In a section on anti-Armenian racism, Akçam showed a slide with the following quote from the eponymous Kemal Atatürk: “The Armenians occupied our craft guilds (sanat ocaklari) and adopted an attitude of [being] the owners of this country. ... The Armenians have no rights whatsoever in this prosperous country. Your country belongs to you, to the Turks … The Armenians and others have no rights here whatsoever.”

Concerns surrounding Atatürk don’t stop with racism. He arguably inspired the fascists of World War II that came after him. In his book “Ataturk in the Nazi Imagination,” Stefan Ihrig cites Hitler, who said that “Atatürk was a teacher; Mussolini was his first and I his second student.” 

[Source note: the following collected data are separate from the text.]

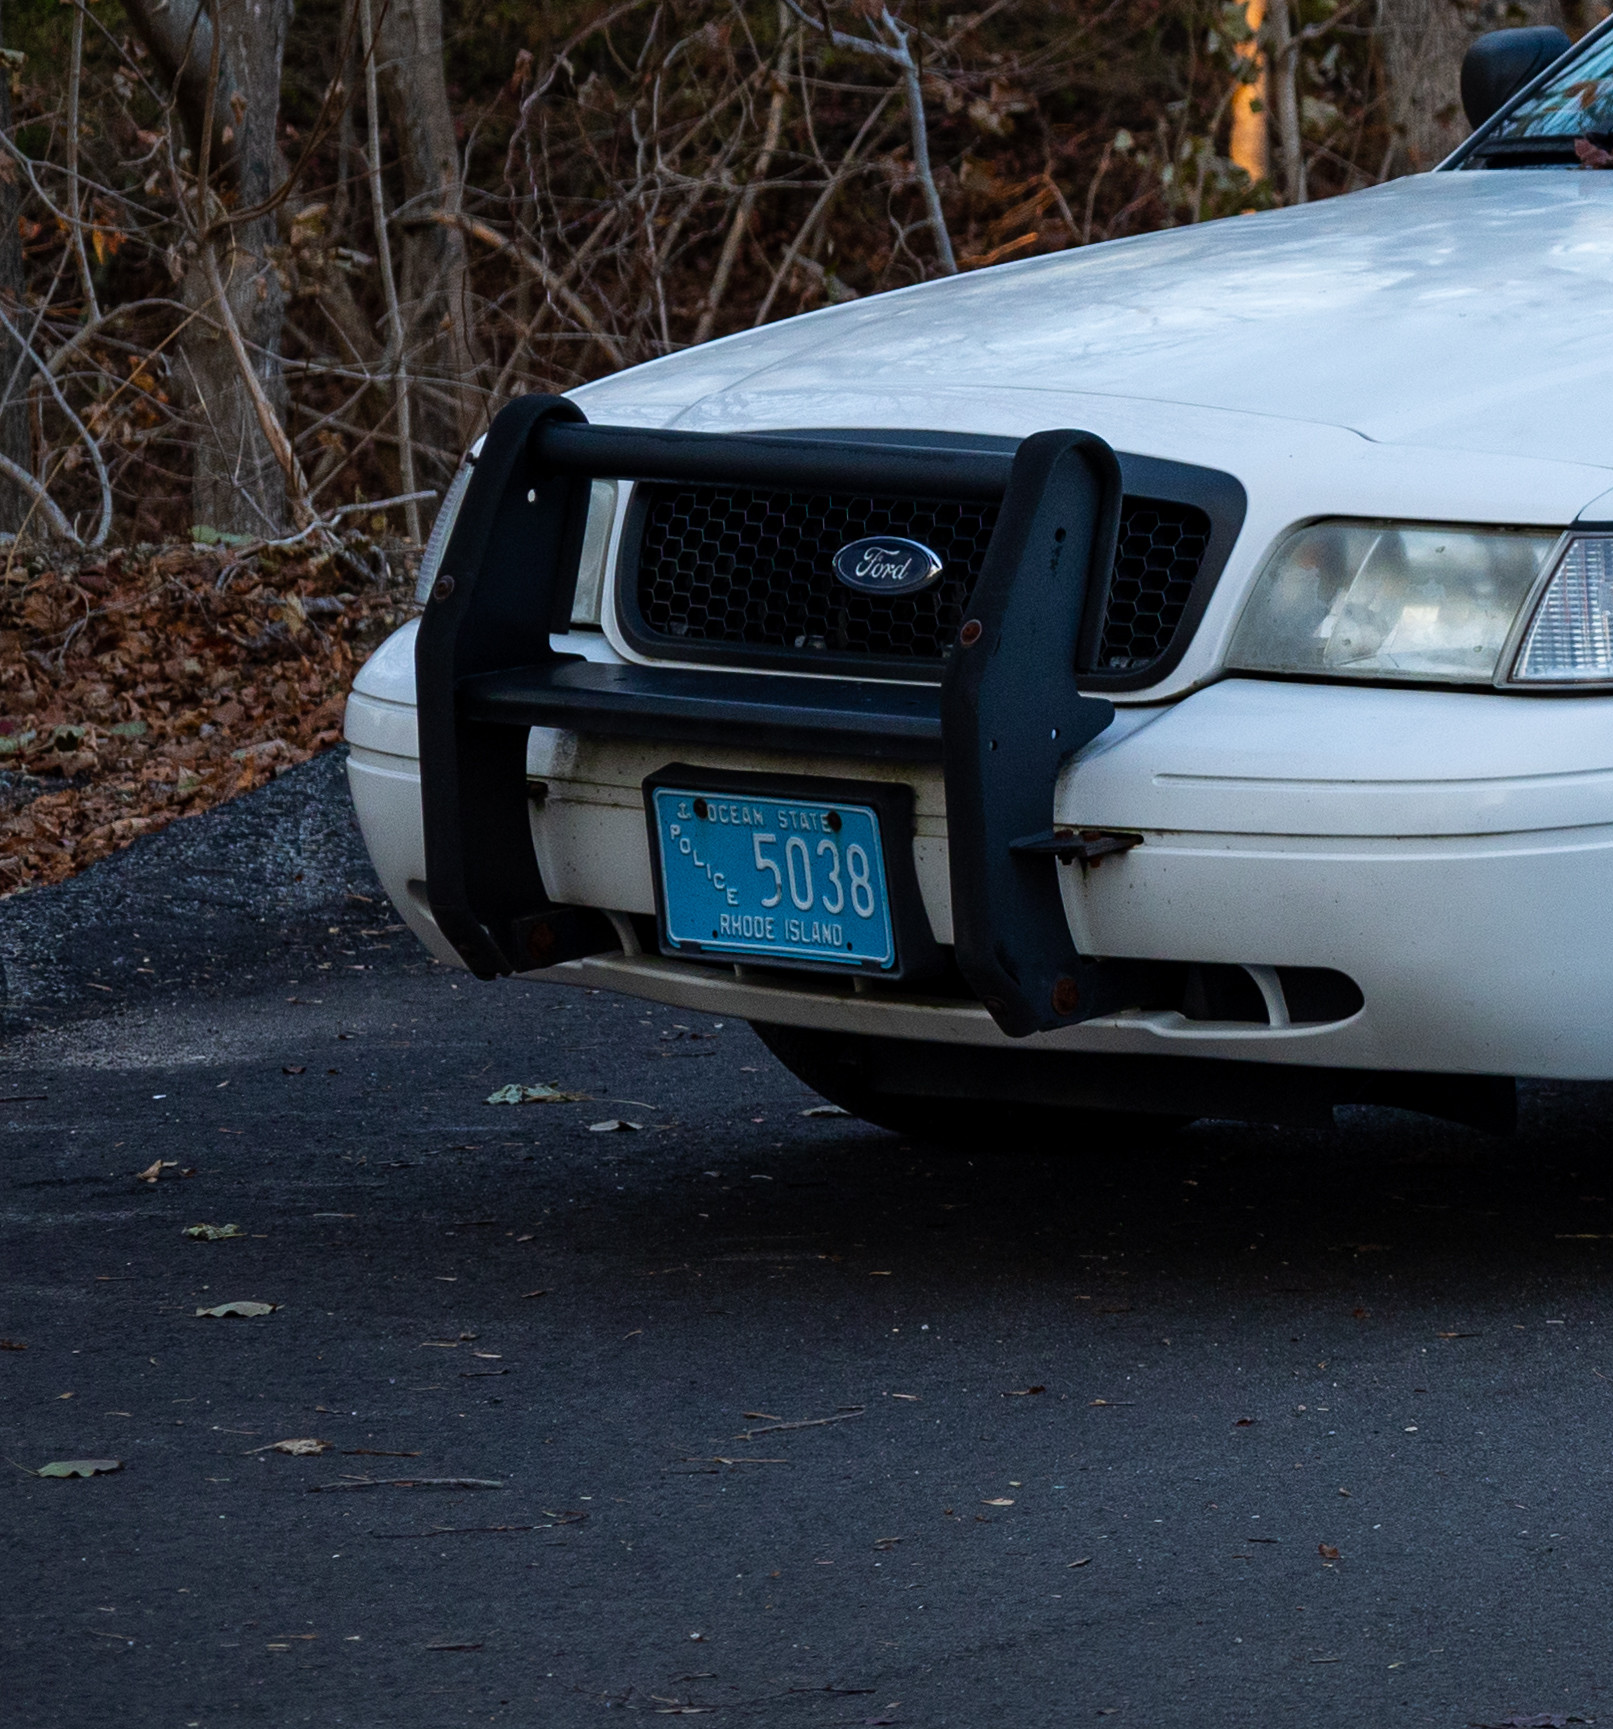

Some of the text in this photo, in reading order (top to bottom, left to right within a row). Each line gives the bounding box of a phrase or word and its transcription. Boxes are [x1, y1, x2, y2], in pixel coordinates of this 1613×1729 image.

[855, 546, 913, 580] Ford
[707, 803, 833, 834] OCEAN STATE
[669, 824, 740, 906] POLICE
[752, 833, 875, 919] 5038
[719, 913, 843, 947] RHODE ISLAND
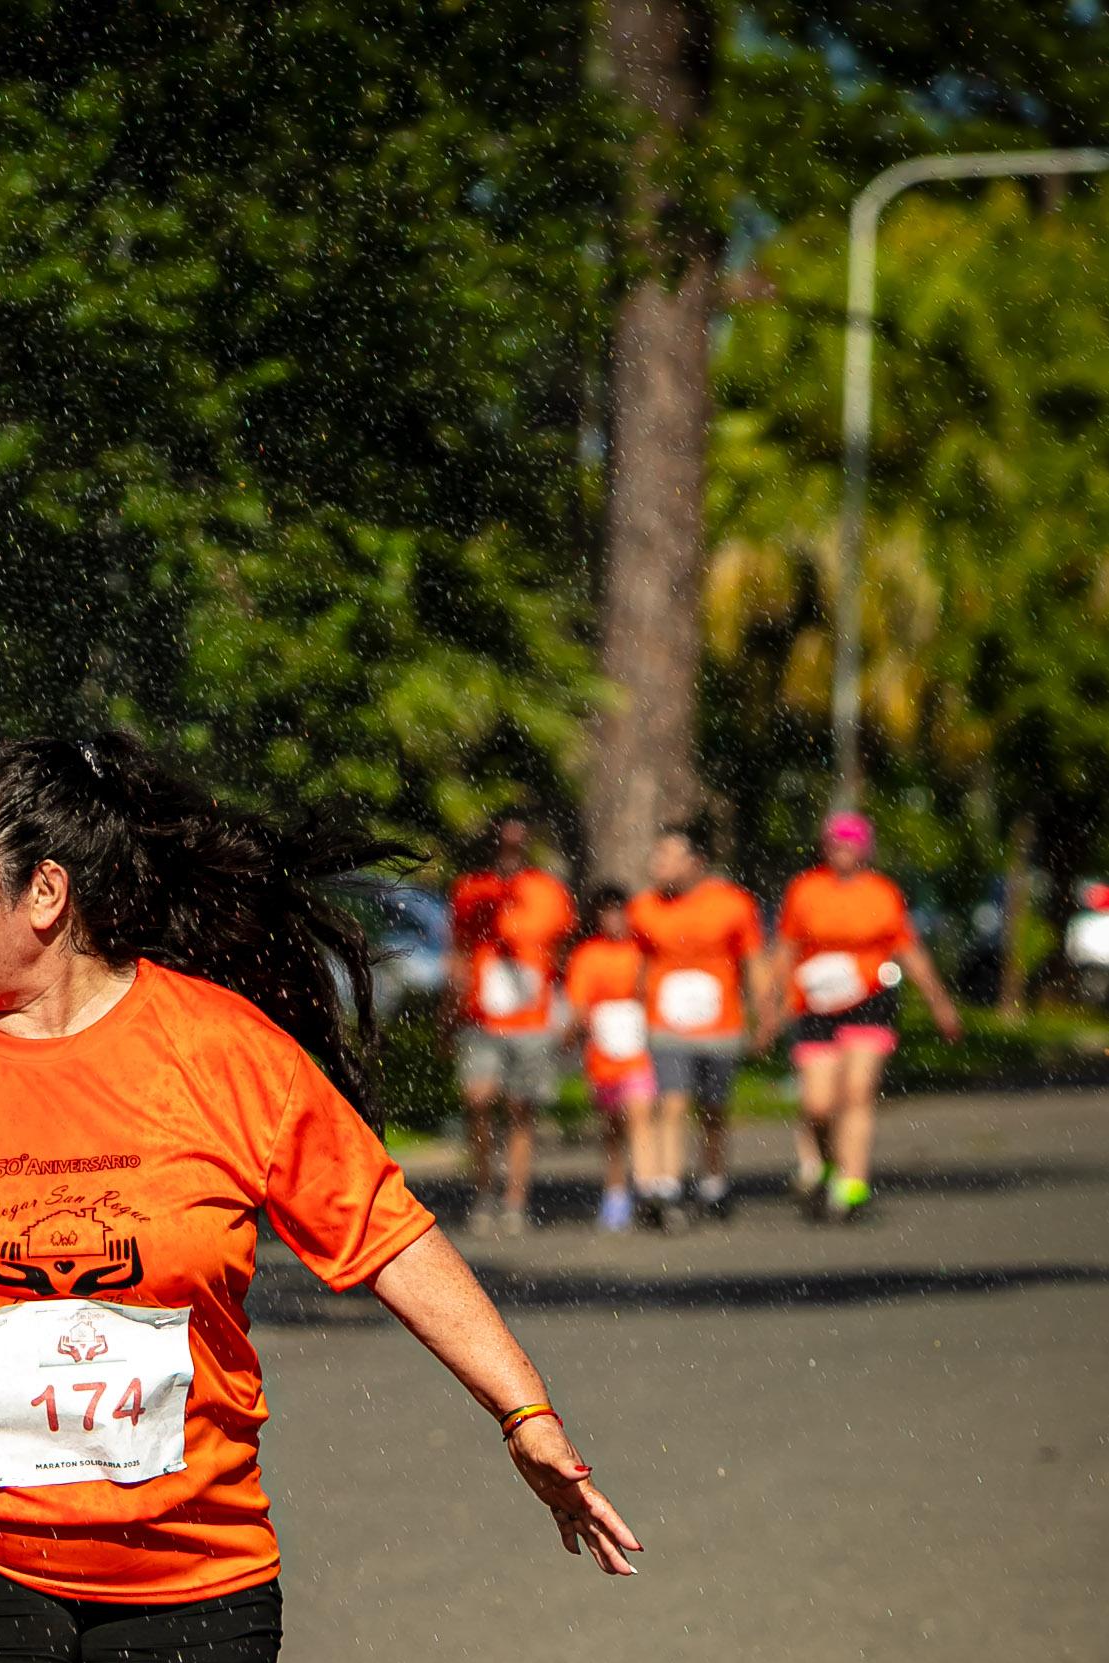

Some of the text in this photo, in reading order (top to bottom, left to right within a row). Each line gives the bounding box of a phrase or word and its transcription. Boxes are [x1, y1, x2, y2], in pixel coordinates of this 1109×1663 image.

[25, 1153, 141, 1176] ANIVERSARIO
[45, 1185, 86, 1206] San
[92, 1190, 151, 1223] Roque
[30, 1377, 147, 1433] 174
[35, 1459, 141, 1470] MARATON SOLIDARIA 2025
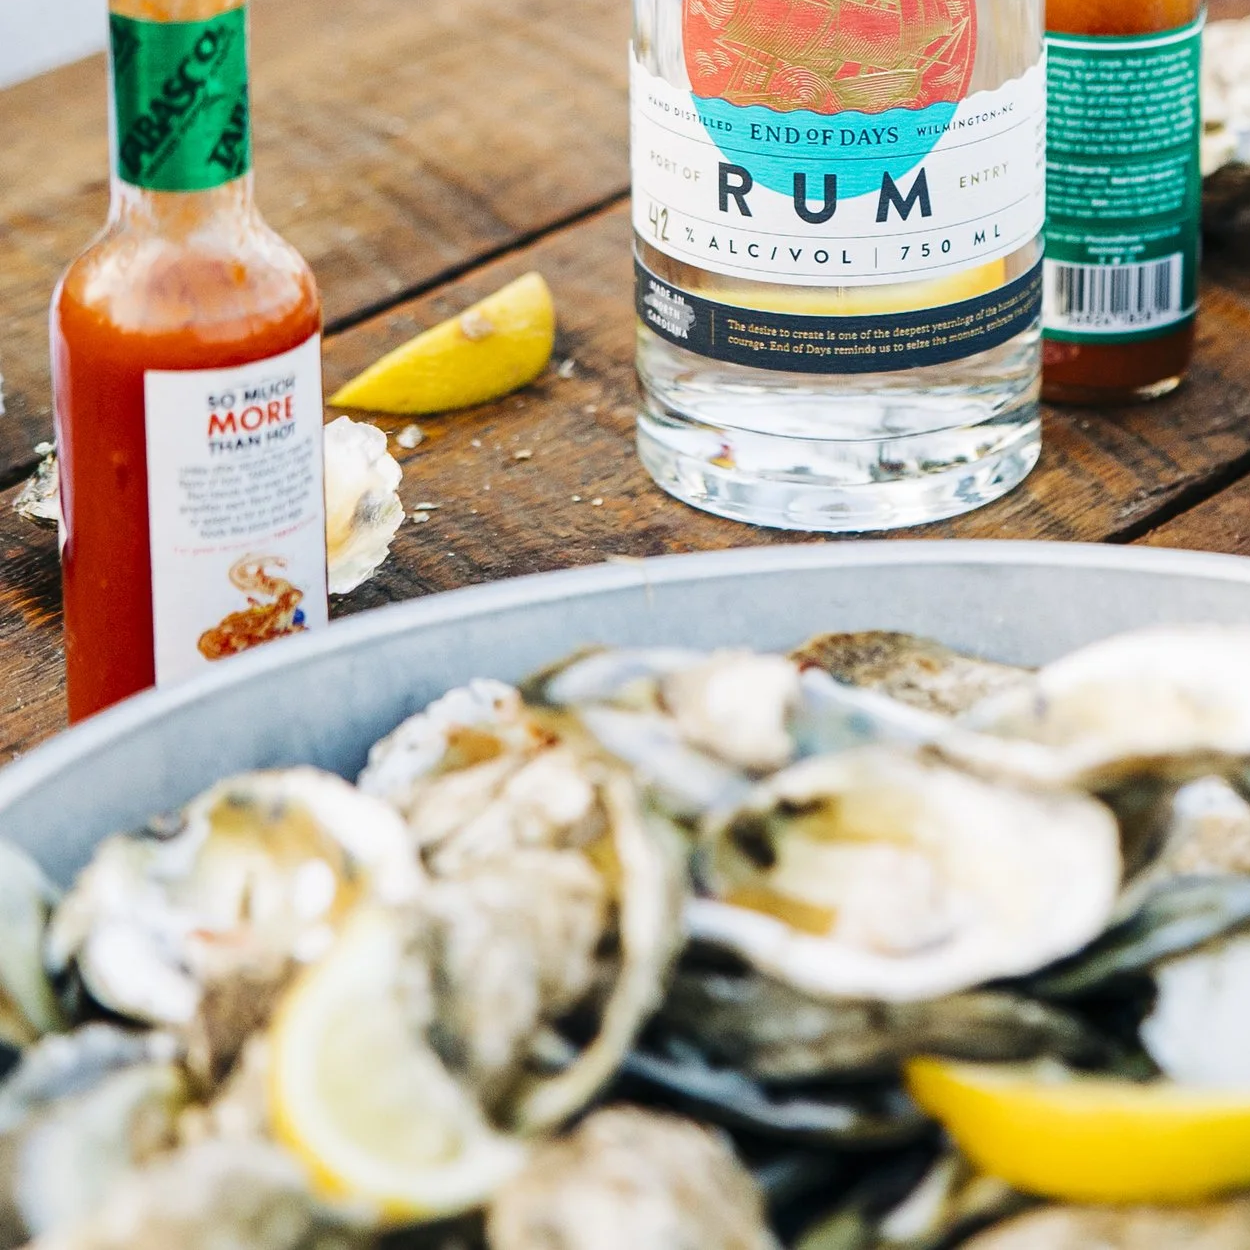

Atatürk also has notoriety in the history of genocide. Although he didn’t participate directly in the Armenian genocide, he did end the trials of the genocide perpetrators, as described in politics professor Gary Bass’s book “Stay the Hand of Vengeance.” So while Atatürk originally called the genocide “a shameful act,” his later actions normalized genocide, transforming it into an acceptable form of statecraft — a lesson certainly taken to heart by his self-described student.

The Trustee committee’s report noted, “In the course of a thorough and wide-ranging review, it became clear that the controversy surrounding Wilson’s name was emblematic of larger concerns about the University’s commitment to diversity and inclusivity.”  Similarly, the honoring of Atatürk is emblematic of a troubled relationship between generations of Princeton professors and Armenian students.

Decades ago at Princeton, the late Ed Tejirian ’57 — a friend of mine — was presented a view on the Armenian genocide by former professor Lewis V. Thomas in his book, “The United States and Turkey and Iran”: “Had Turkification and Moslemization not been accelerated there by the use of force, there certainly would not today exist a Turkish Republic, a Republic owing its strength and stability in no small measure to the homogeneity of its population.”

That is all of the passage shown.